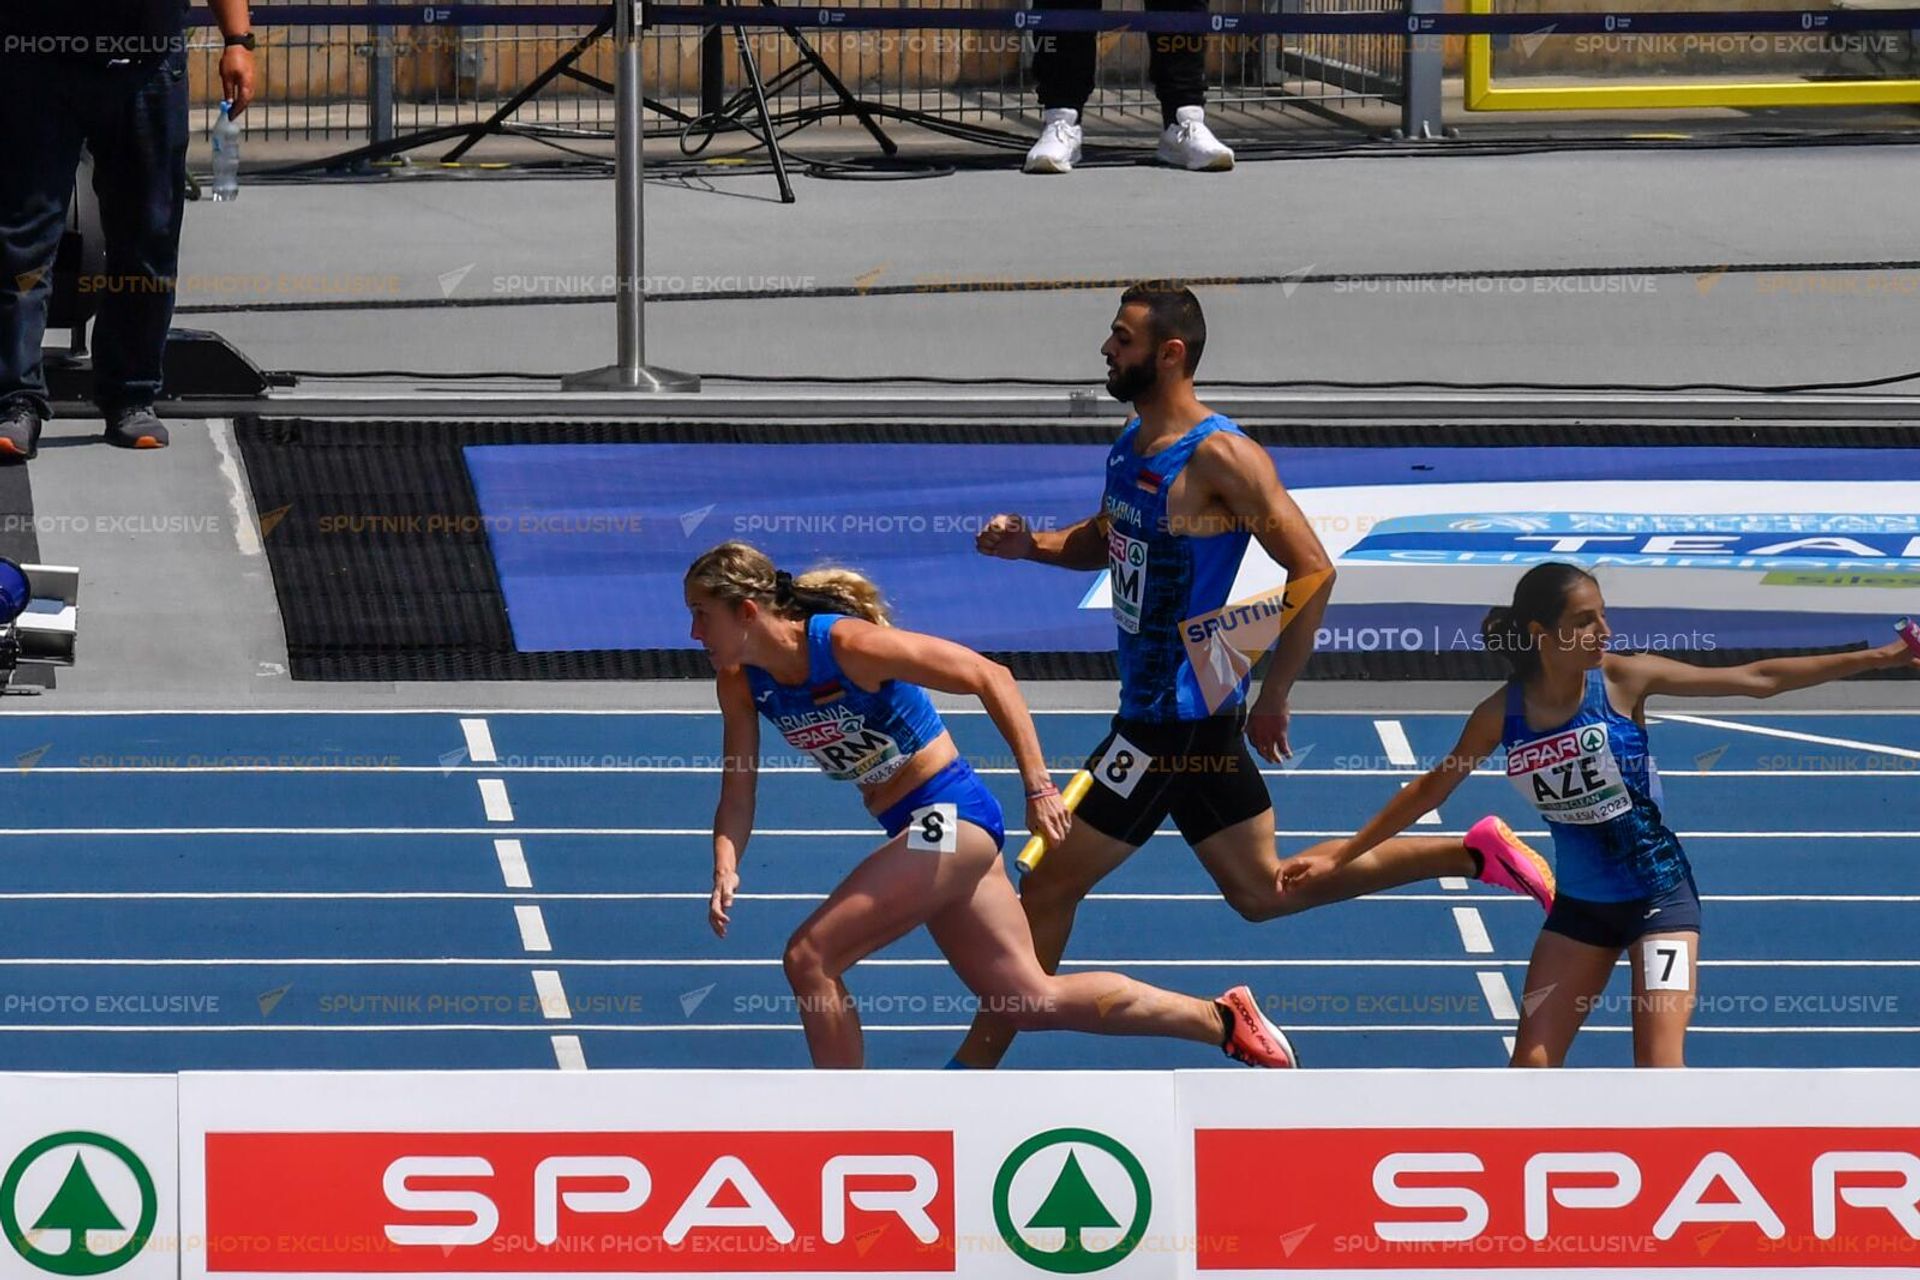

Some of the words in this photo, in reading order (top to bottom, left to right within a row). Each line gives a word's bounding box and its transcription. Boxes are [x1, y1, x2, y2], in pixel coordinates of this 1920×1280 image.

[1513, 535, 1920, 558] TEA
[1111, 558, 1139, 603] RM
[1106, 749, 1135, 784] 8
[1508, 737, 1578, 774] SPAR
[1532, 757, 1606, 802] AZE
[1600, 796, 1629, 817] 2023
[921, 811, 944, 843] 8
[1656, 948, 1678, 982] 7
[382, 1155, 940, 1245] SPAR
[1372, 1151, 1920, 1241] SPAR
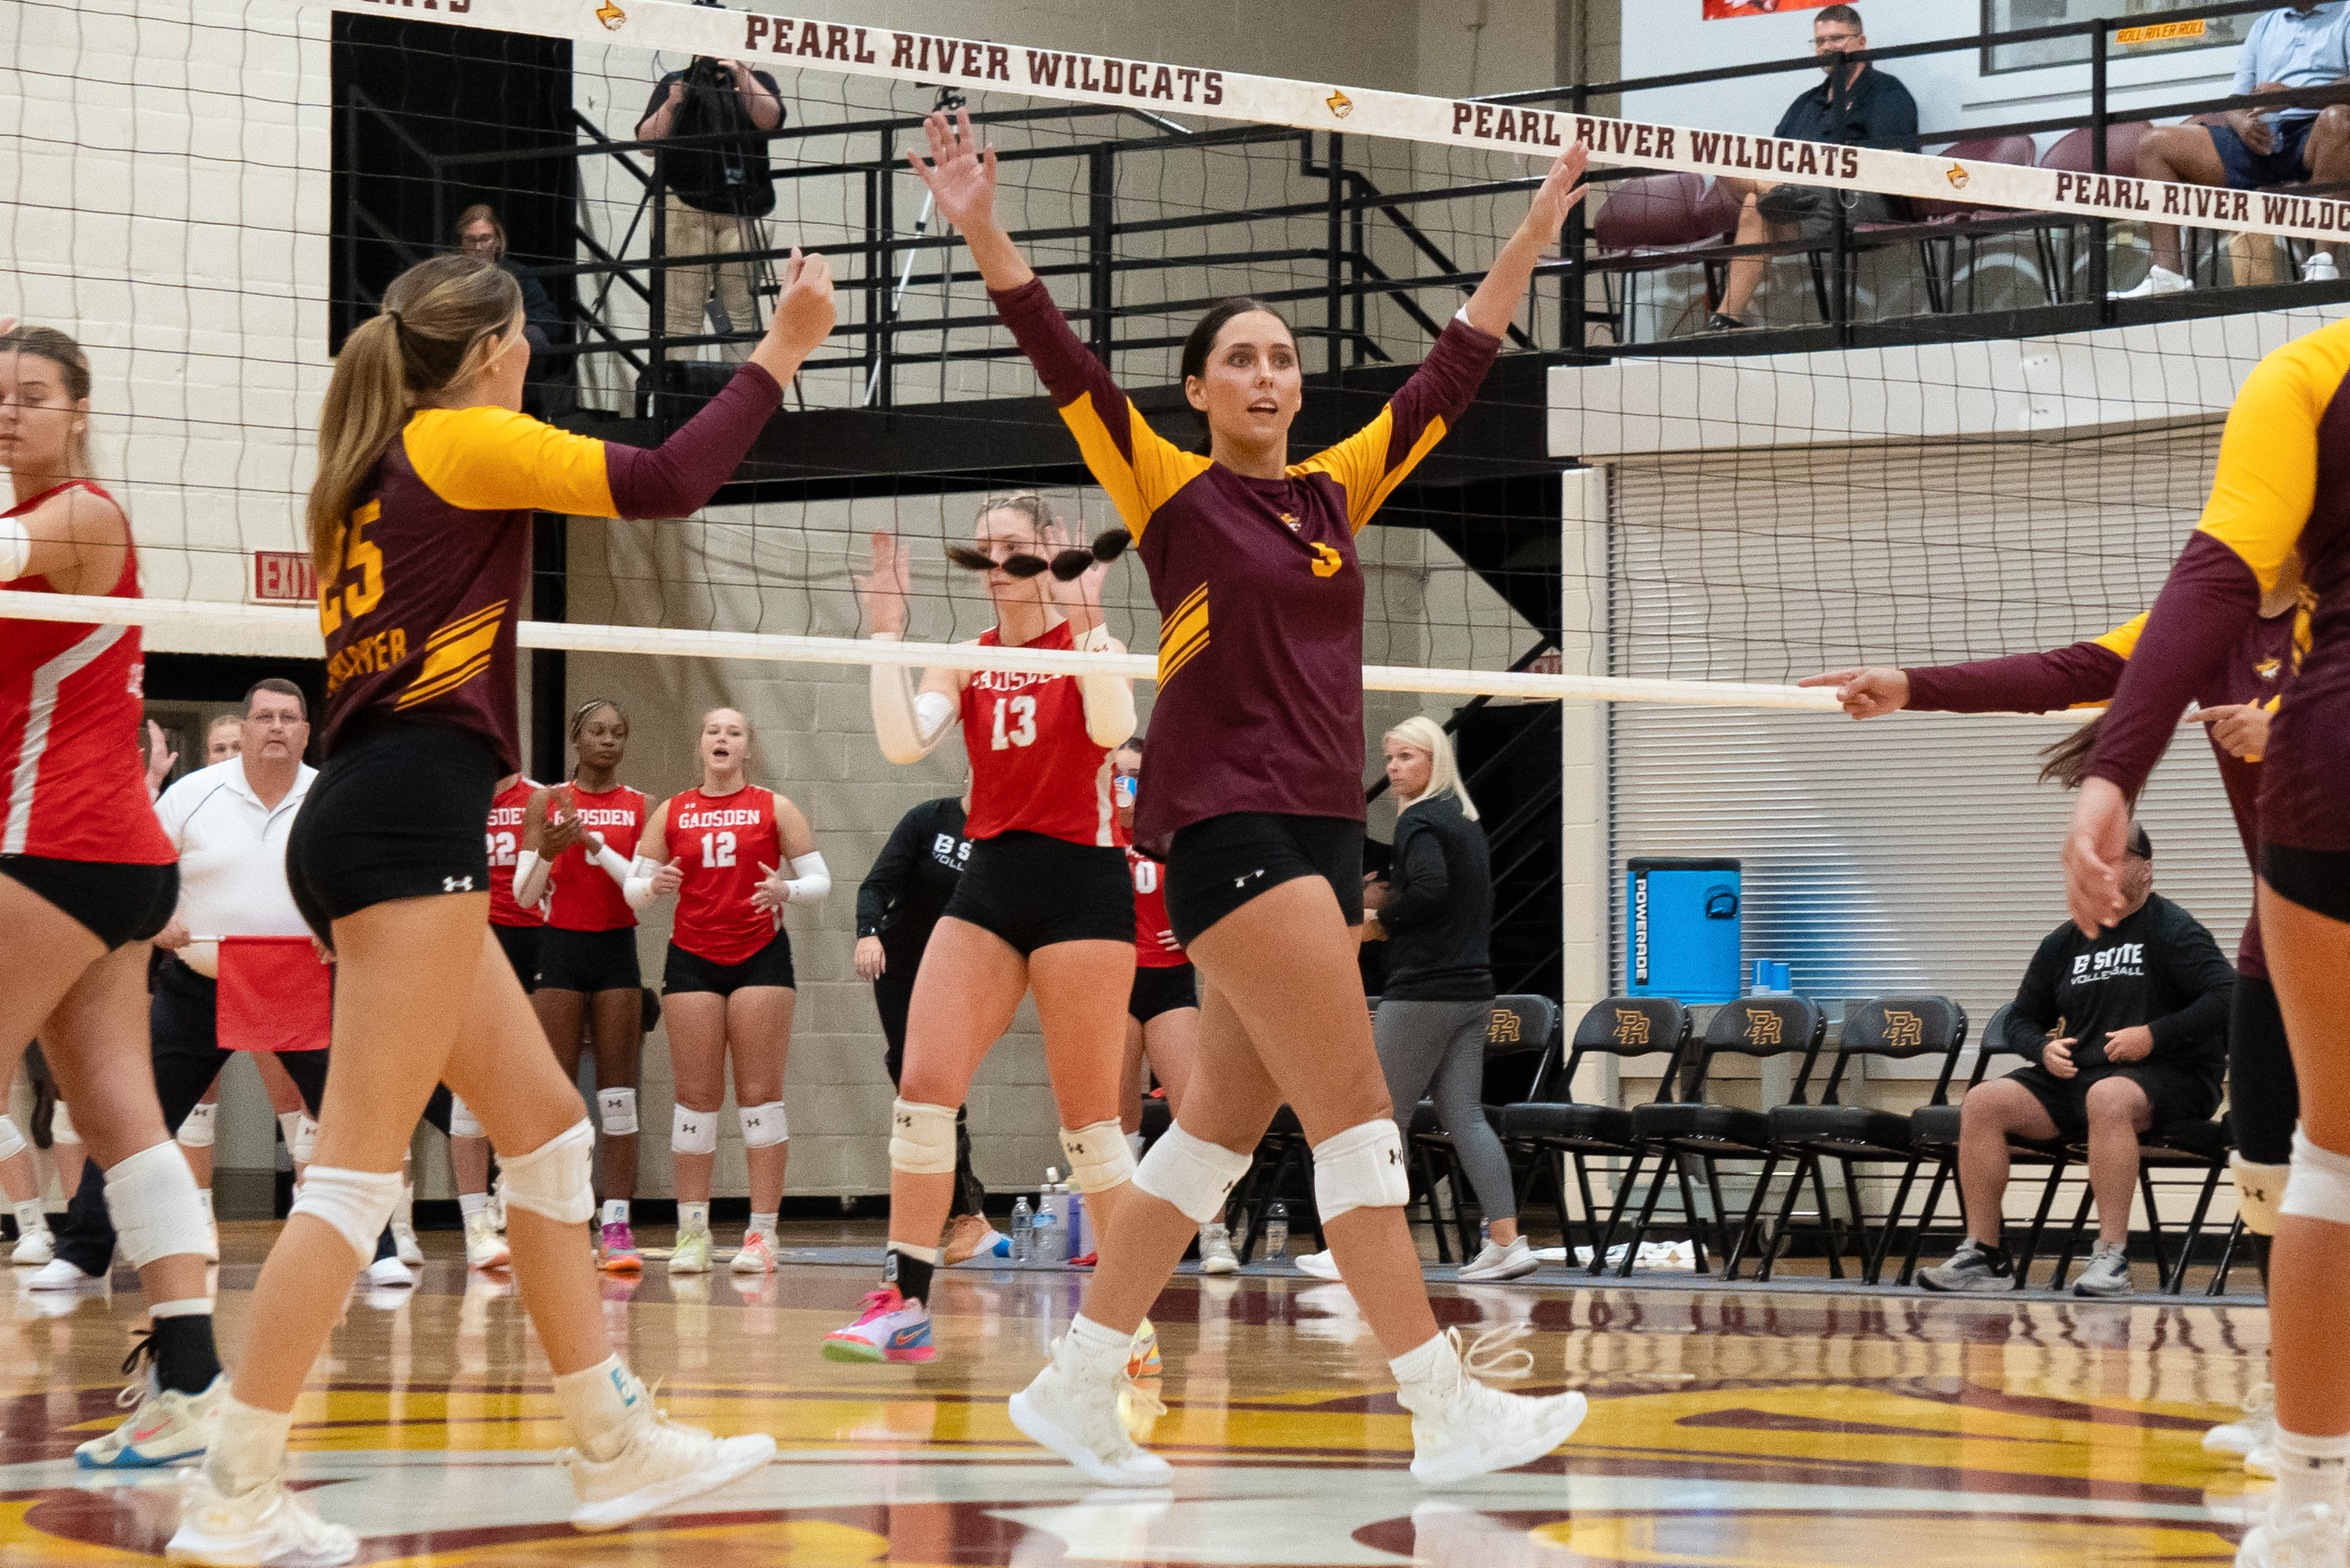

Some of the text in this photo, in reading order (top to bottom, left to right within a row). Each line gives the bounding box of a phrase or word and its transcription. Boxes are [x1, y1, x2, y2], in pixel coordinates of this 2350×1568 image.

[745, 14, 1223, 105] PEARL RIVER WILDCATS
[1452, 102, 1858, 179] PEARL RIVER WILDCATS
[2056, 172, 2150, 211] PEARL
[2163, 185, 2249, 222] RIVER
[991, 695, 1036, 751] 13
[554, 809, 635, 827] GDSDEN
[678, 809, 760, 829] GADSDEN
[701, 831, 736, 868] 12
[1635, 879, 1648, 980] POWERADE
[2070, 965, 2145, 985] VOLLEBALL

> **Work order**
The answer must be the whole listing, word for word, with no pictures in it. Please write it out.

> **Final answer**
Some of the words in this photo, in reading order (top to bottom, left to right within a row). Each line gives a word's bounding box and its transcription. Boxes are [x1, y1, x2, y2], in pixel coordinates of this 1920×1280 image.

[1513, 535, 1920, 558] TEA
[1111, 558, 1139, 603] RM
[1106, 749, 1135, 784] 8
[1508, 737, 1578, 774] SPAR
[1532, 757, 1606, 802] AZE
[1600, 796, 1629, 817] 2023
[921, 811, 944, 843] 8
[1656, 948, 1678, 982] 7
[382, 1155, 940, 1245] SPAR
[1372, 1151, 1920, 1241] SPAR

Some of the text in this photo, in reading order (top to bottom, left to right within a row). Each line gives the bounding box of a phrase or word and its transcription. Boxes are [x1, y1, x2, y2], in pixel coordinates of this 2350×1568 image.

[745, 14, 1223, 105] PEARL RIVER WILDCATS
[1452, 102, 1858, 179] PEARL RIVER WILDCATS
[2056, 172, 2150, 211] PEARL
[2163, 185, 2249, 222] RIVER
[991, 695, 1036, 751] 13
[554, 809, 635, 827] GDSDEN
[678, 809, 760, 829] GADSDEN
[701, 831, 736, 868] 12
[1635, 879, 1648, 980] POWERADE
[2070, 965, 2145, 985] VOLLEBALL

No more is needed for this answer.